*** Begin section ***

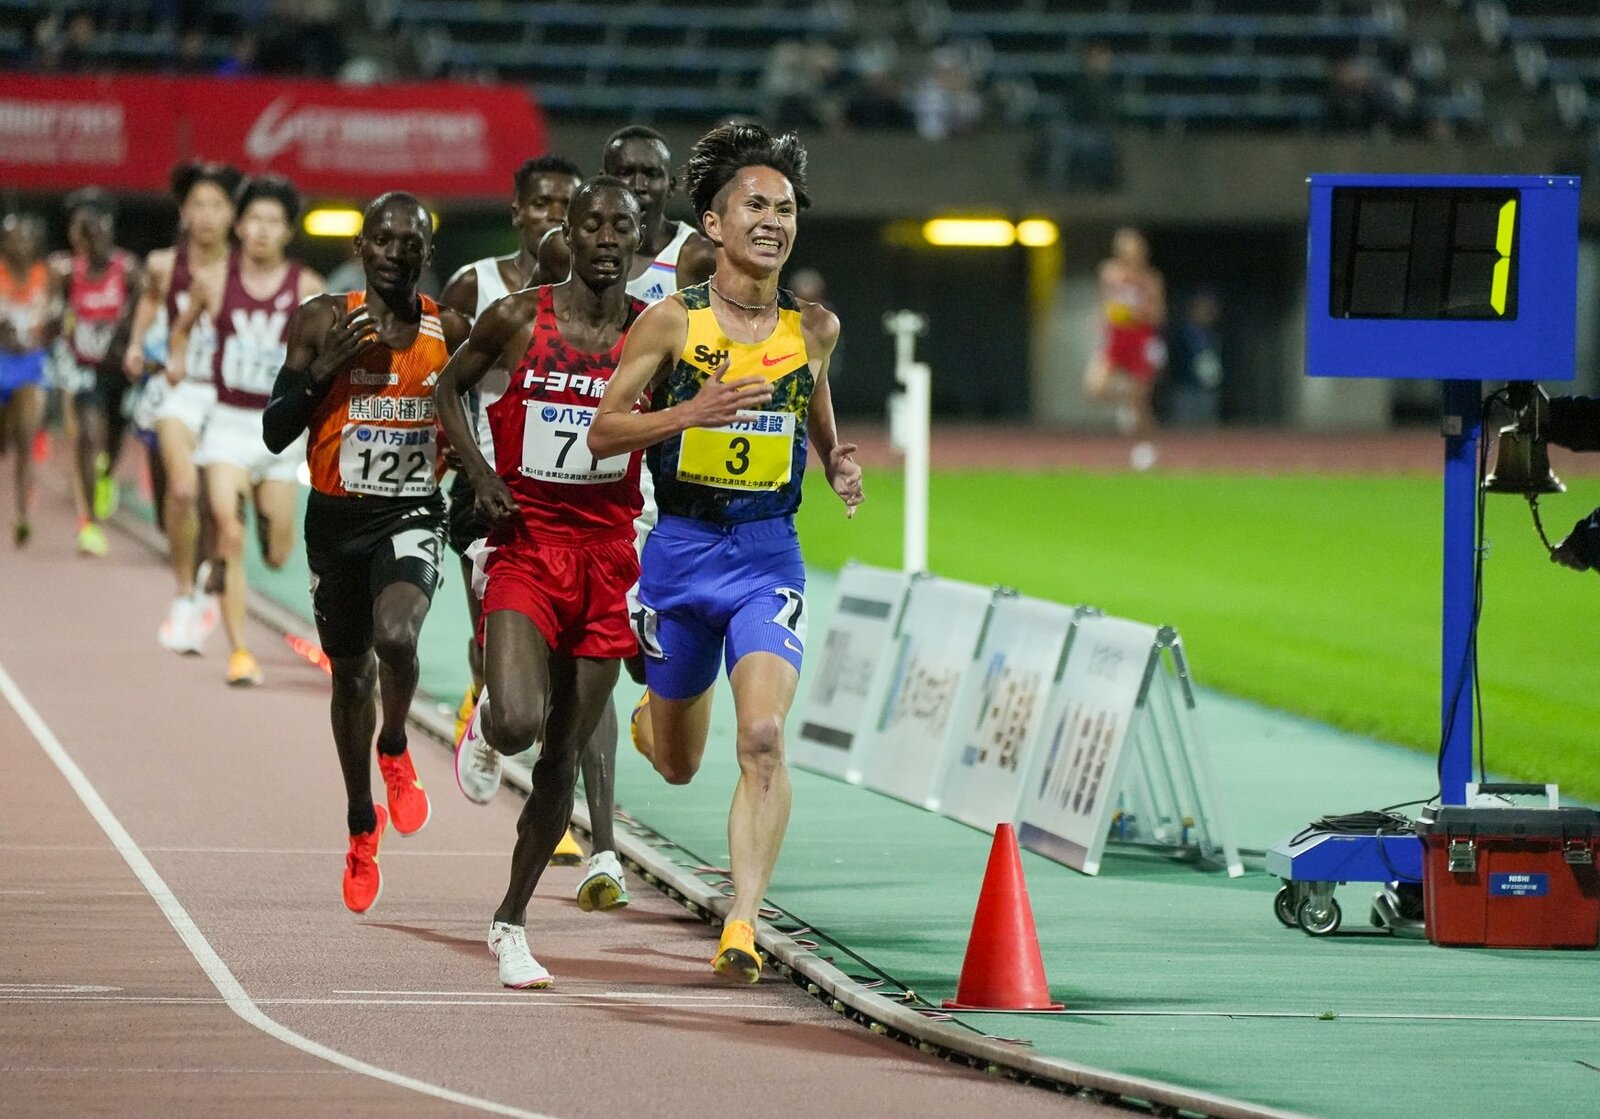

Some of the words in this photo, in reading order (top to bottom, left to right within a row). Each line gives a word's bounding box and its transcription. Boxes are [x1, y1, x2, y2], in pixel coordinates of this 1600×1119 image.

[1490, 199, 1517, 316] 1
[729, 414, 784, 433] 方建設
[373, 429, 430, 446] 八方建設
[358, 448, 426, 484] 122
[725, 436, 751, 476] 3
[1509, 875, 1530, 883] NISHI
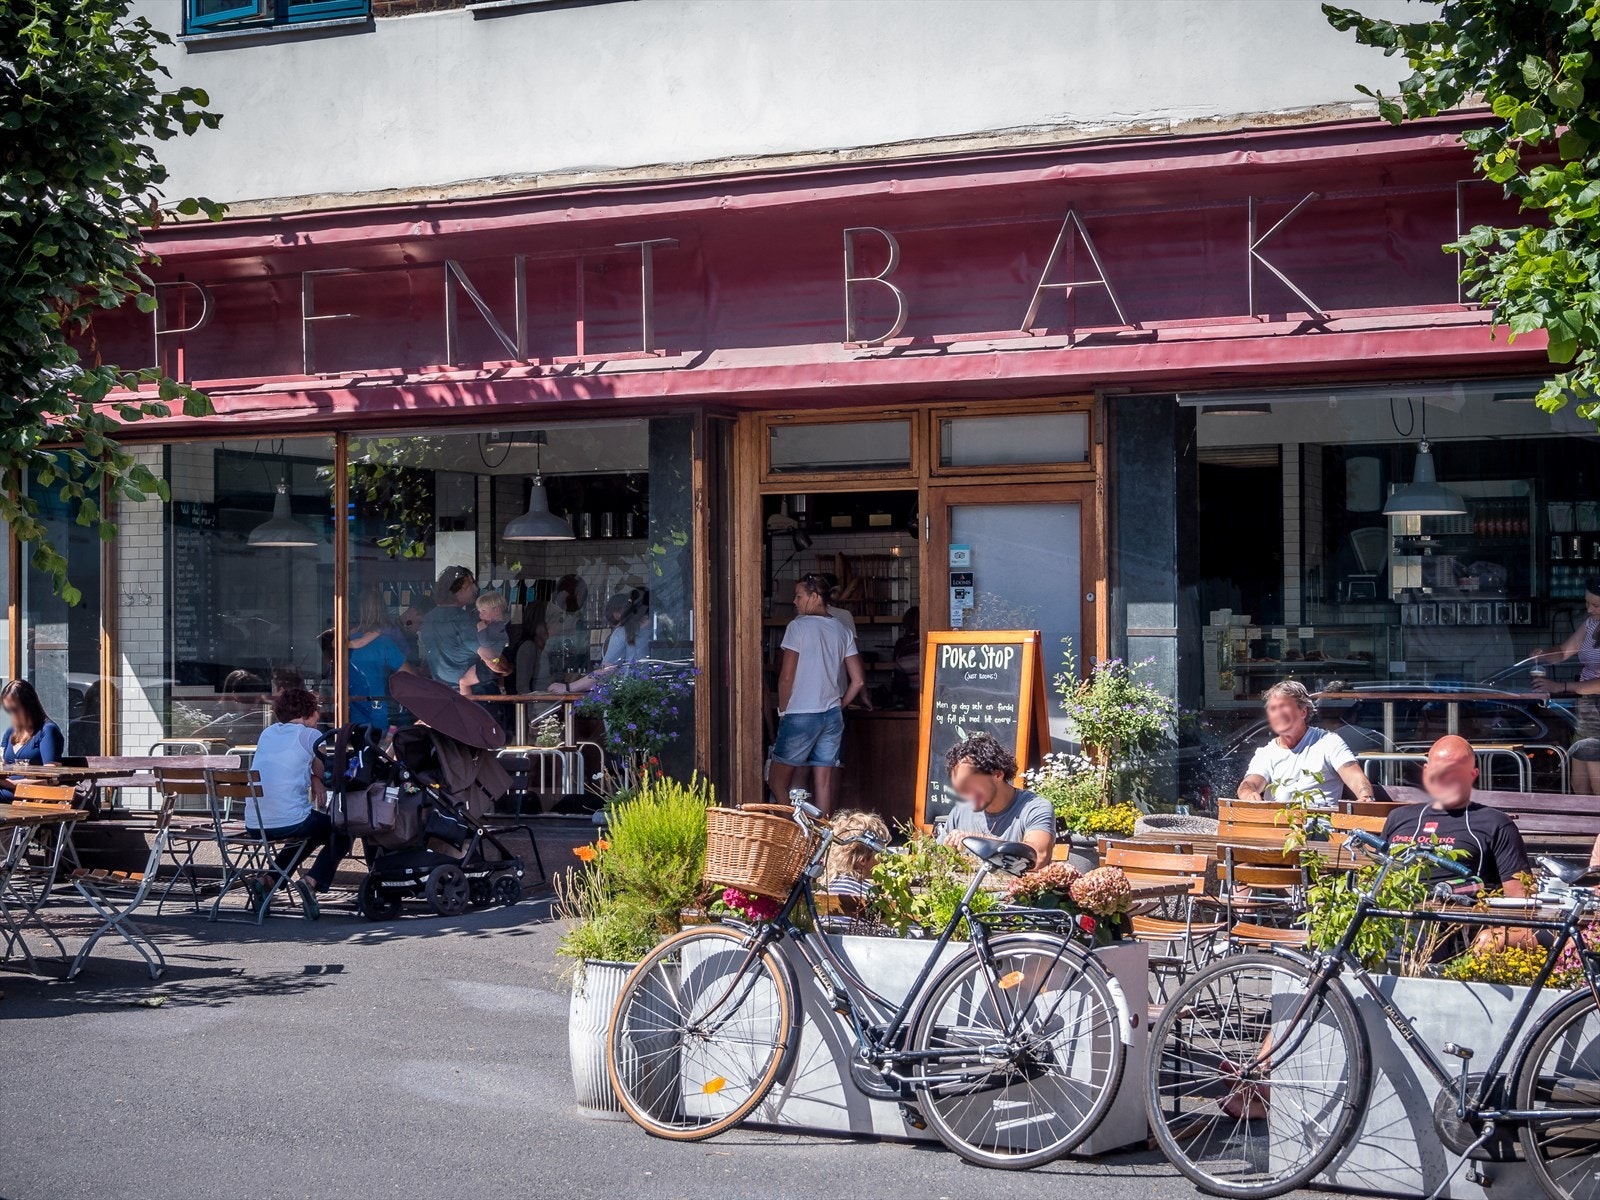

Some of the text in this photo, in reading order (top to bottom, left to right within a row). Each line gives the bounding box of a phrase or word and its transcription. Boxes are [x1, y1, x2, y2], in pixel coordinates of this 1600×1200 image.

[936, 701, 949, 709] Men
[959, 702, 970, 715] deg
[969, 715, 980, 723] med
[1383, 1004, 1414, 1041] RALEIGH
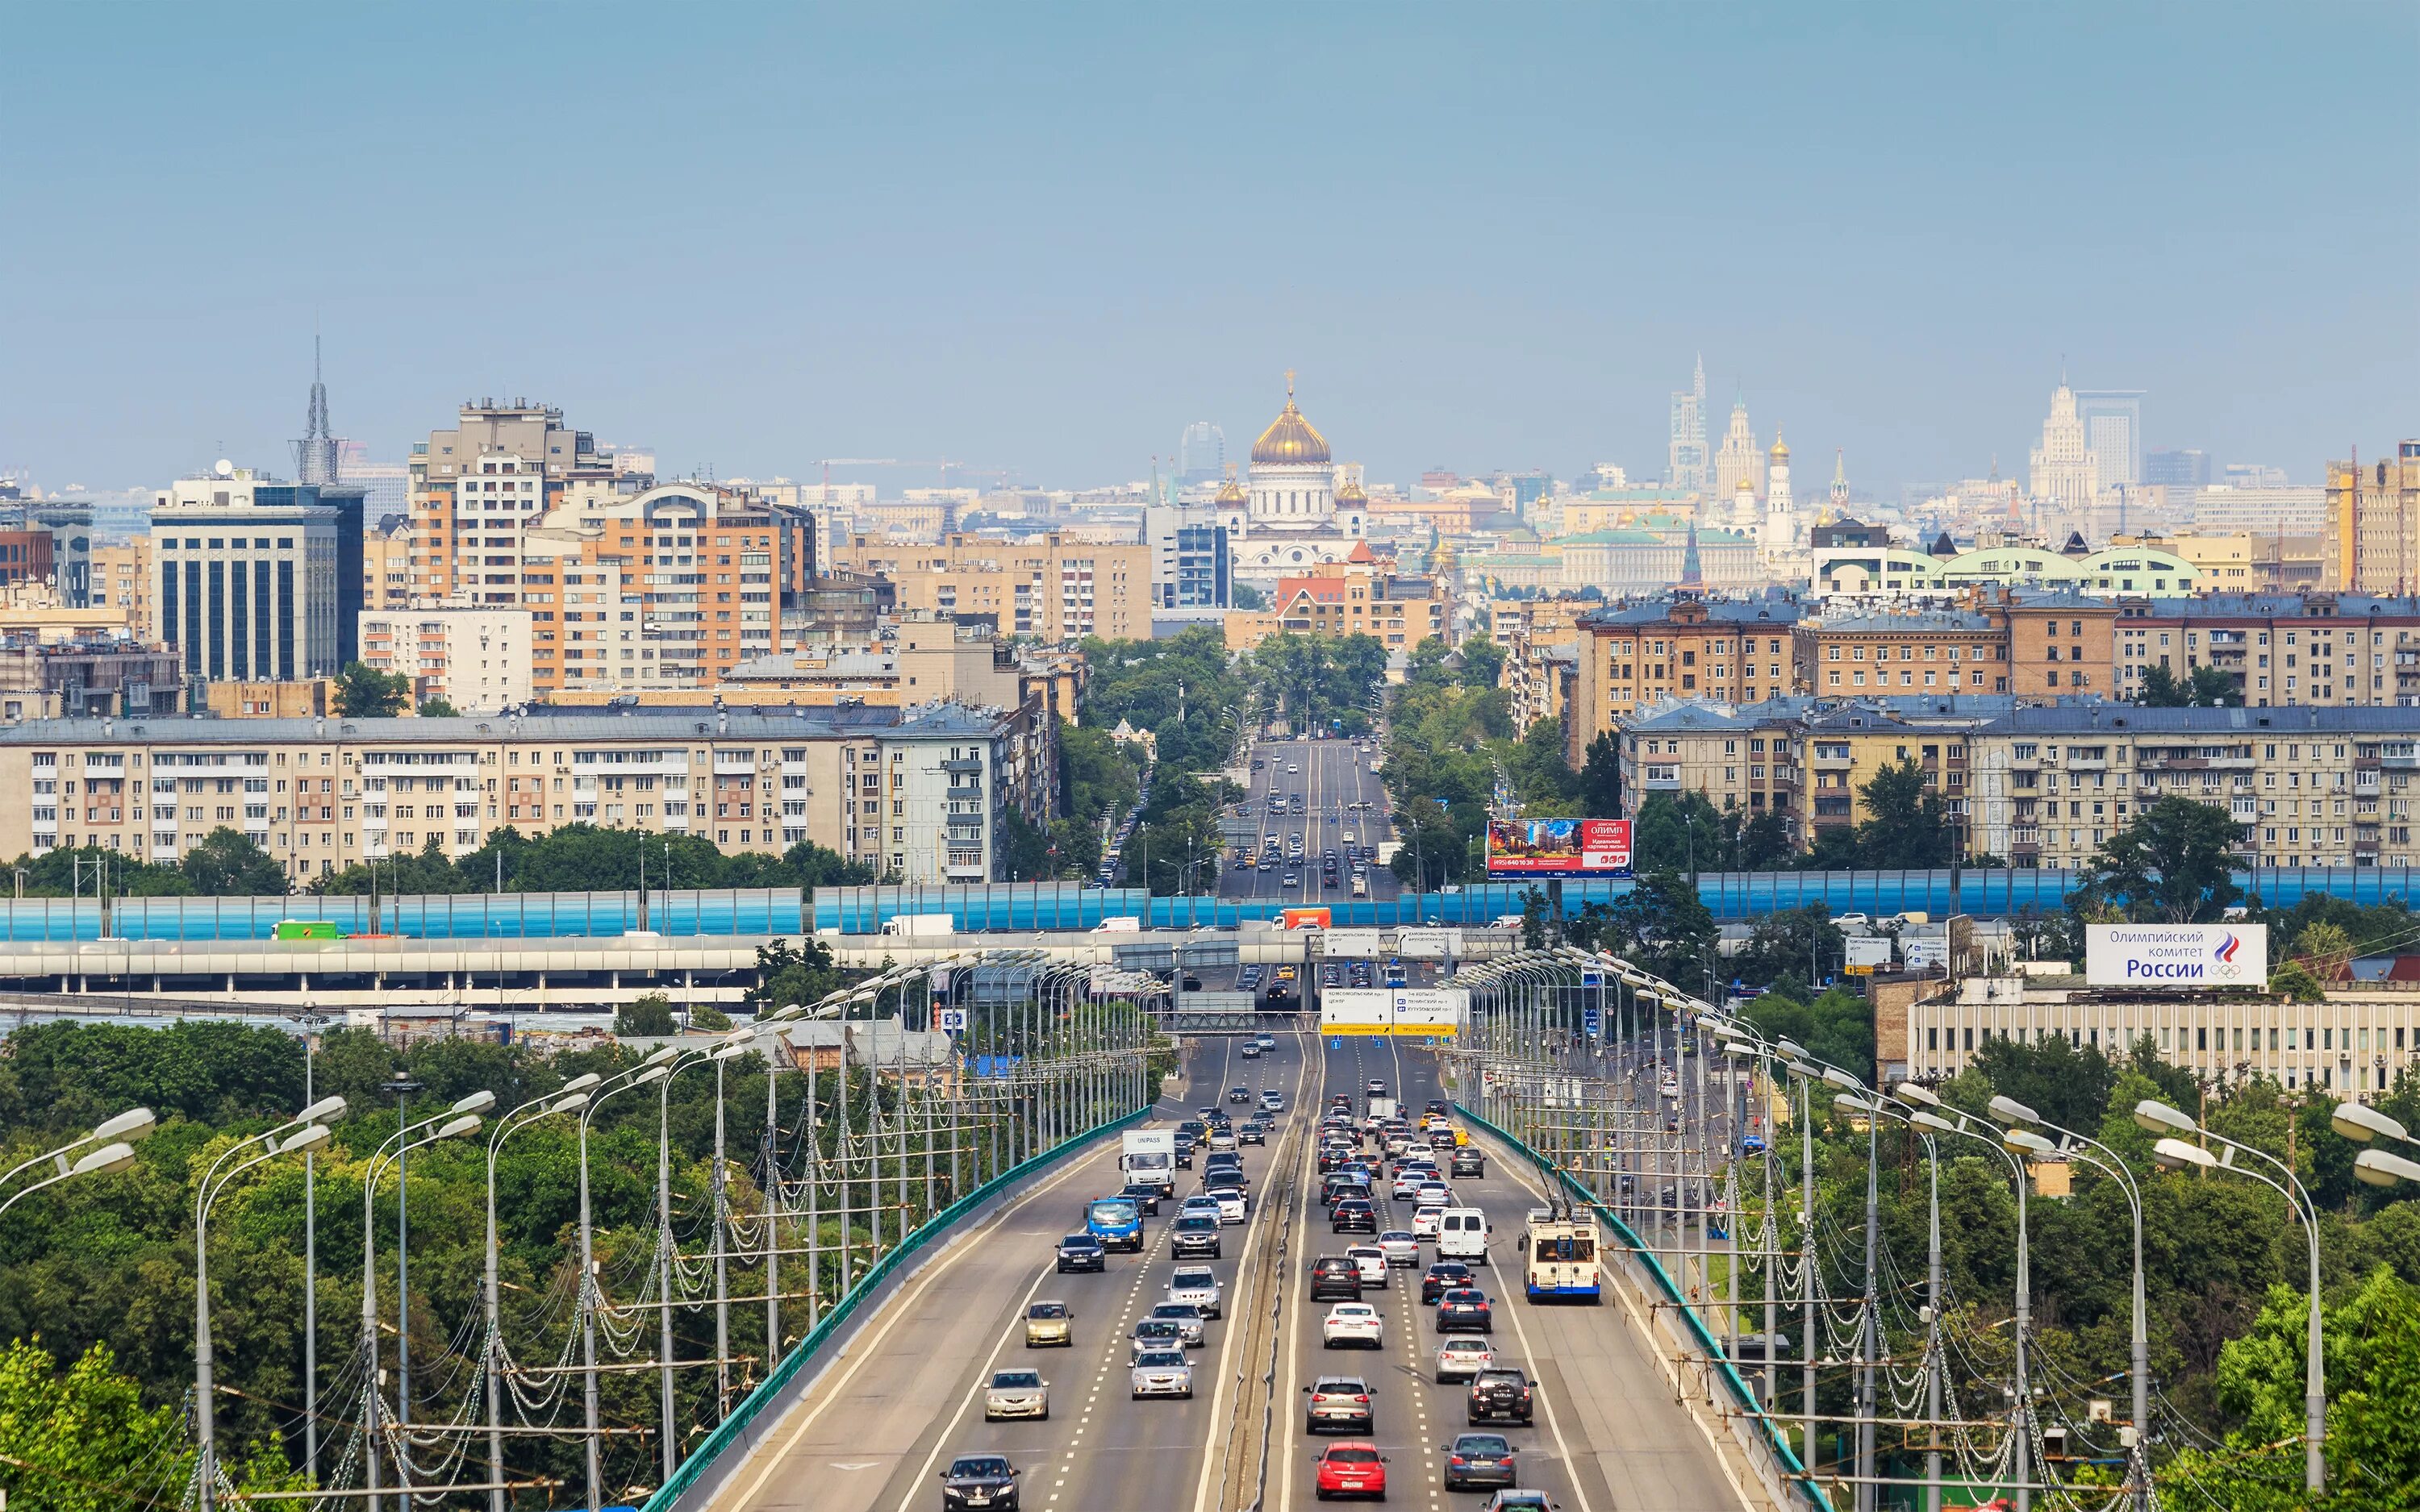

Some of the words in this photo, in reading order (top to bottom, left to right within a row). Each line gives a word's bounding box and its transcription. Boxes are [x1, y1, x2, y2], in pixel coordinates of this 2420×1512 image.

*** End section ***

■ **Your instructions**
Every line of the listing is to be retyped exactly; pictures stay out.

■ **Written response**
Some of the words in this photo, in reading order (top to bottom, left to right within a row). Each line gives a word's bounding box and its transcription. Boxes are [x1, y1, x2, y2], in pixel coordinates of this 1600×1119 image.

[1490, 199, 1517, 316] 1
[729, 414, 784, 433] 方建設
[373, 429, 430, 446] 八方建設
[358, 448, 426, 484] 122
[725, 436, 751, 476] 3
[1509, 875, 1530, 883] NISHI

Some of the text in this photo, in reading order (top to bottom, left to right within a row). Each line gives the bounding box of a phrase or word and its transcription. Boxes are [x1, y1, x2, y2], in pixel coordinates of this 1600×1200 image.

[936, 701, 949, 709] Men
[959, 702, 970, 715] deg
[969, 715, 980, 723] med
[1383, 1004, 1414, 1041] RALEIGH

Some of the words in this photo, in reading order (top to bottom, left to right within a row). Each line gives a word's bounding box and its transcription. Boxes are [x1, y1, x2, y2], in pixel coordinates of this 2420×1512 image.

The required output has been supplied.